### PROBLEM
Reproduce every record below exactly as written, leaving out any pictures.

= Beginning of Section =

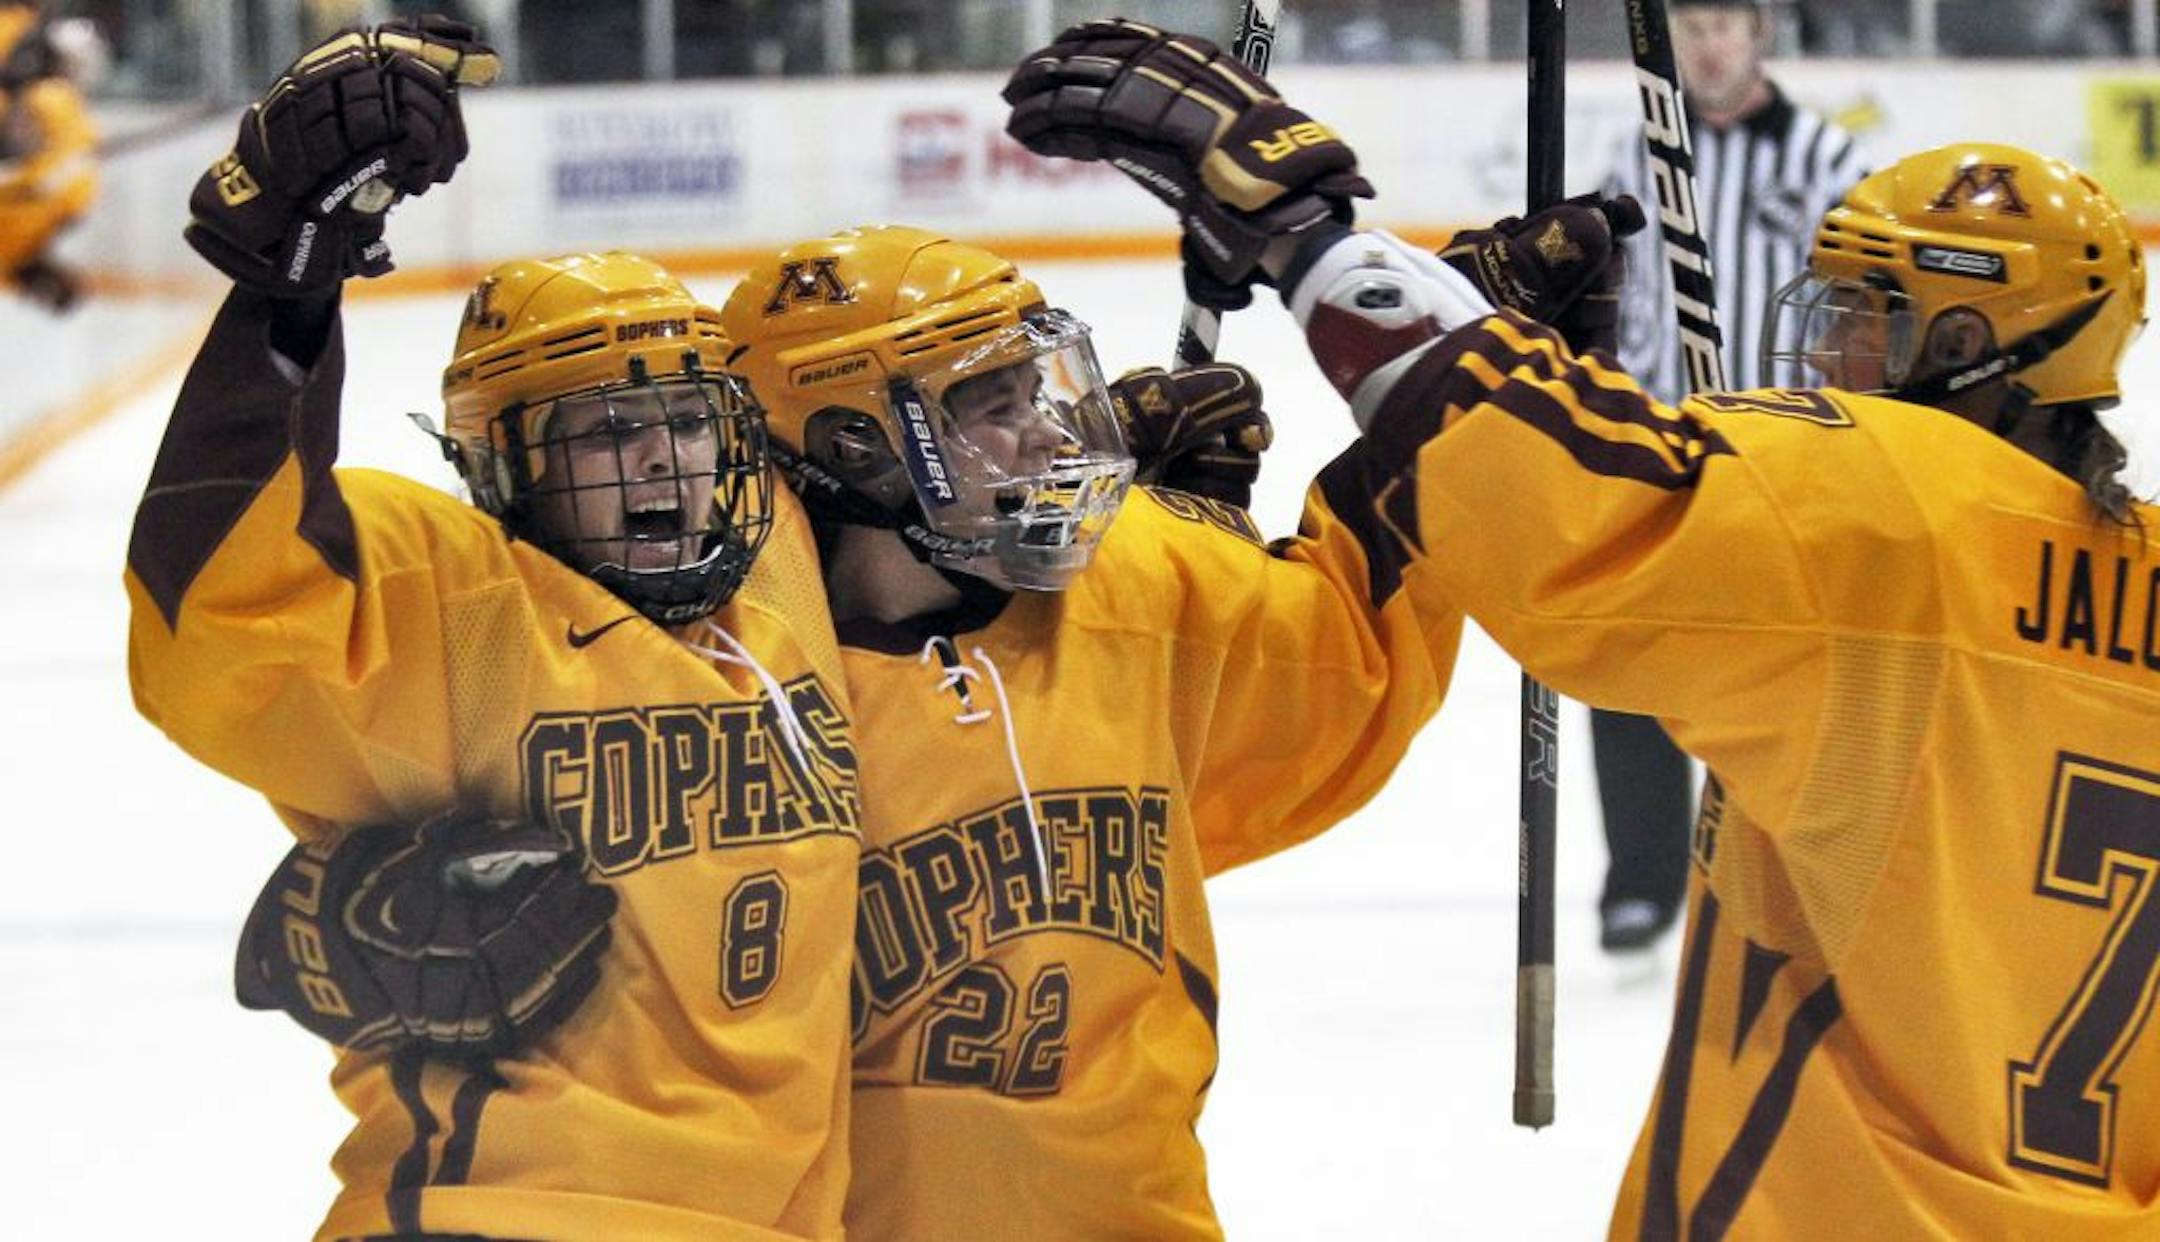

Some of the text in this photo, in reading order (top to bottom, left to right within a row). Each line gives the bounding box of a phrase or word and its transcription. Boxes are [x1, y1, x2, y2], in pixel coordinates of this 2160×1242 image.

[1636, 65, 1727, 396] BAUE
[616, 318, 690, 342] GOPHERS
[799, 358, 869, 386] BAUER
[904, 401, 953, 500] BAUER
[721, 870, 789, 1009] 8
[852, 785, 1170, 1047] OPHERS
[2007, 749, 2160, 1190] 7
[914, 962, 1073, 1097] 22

= End of Section =

### WRITTEN REPLY
Some of the text in this photo, in reading order (top to bottom, left to right within a row). Each line gives the bounding box of a phrase or word and its transcription. Boxes are [x1, y1, x2, y2], in pixel coordinates of this 2160×1242 image.

[1636, 65, 1727, 396] BAUE
[616, 318, 690, 342] GOPHERS
[799, 358, 869, 386] BAUER
[904, 401, 953, 500] BAUER
[721, 870, 789, 1009] 8
[852, 785, 1170, 1047] OPHERS
[2007, 749, 2160, 1190] 7
[914, 962, 1073, 1097] 22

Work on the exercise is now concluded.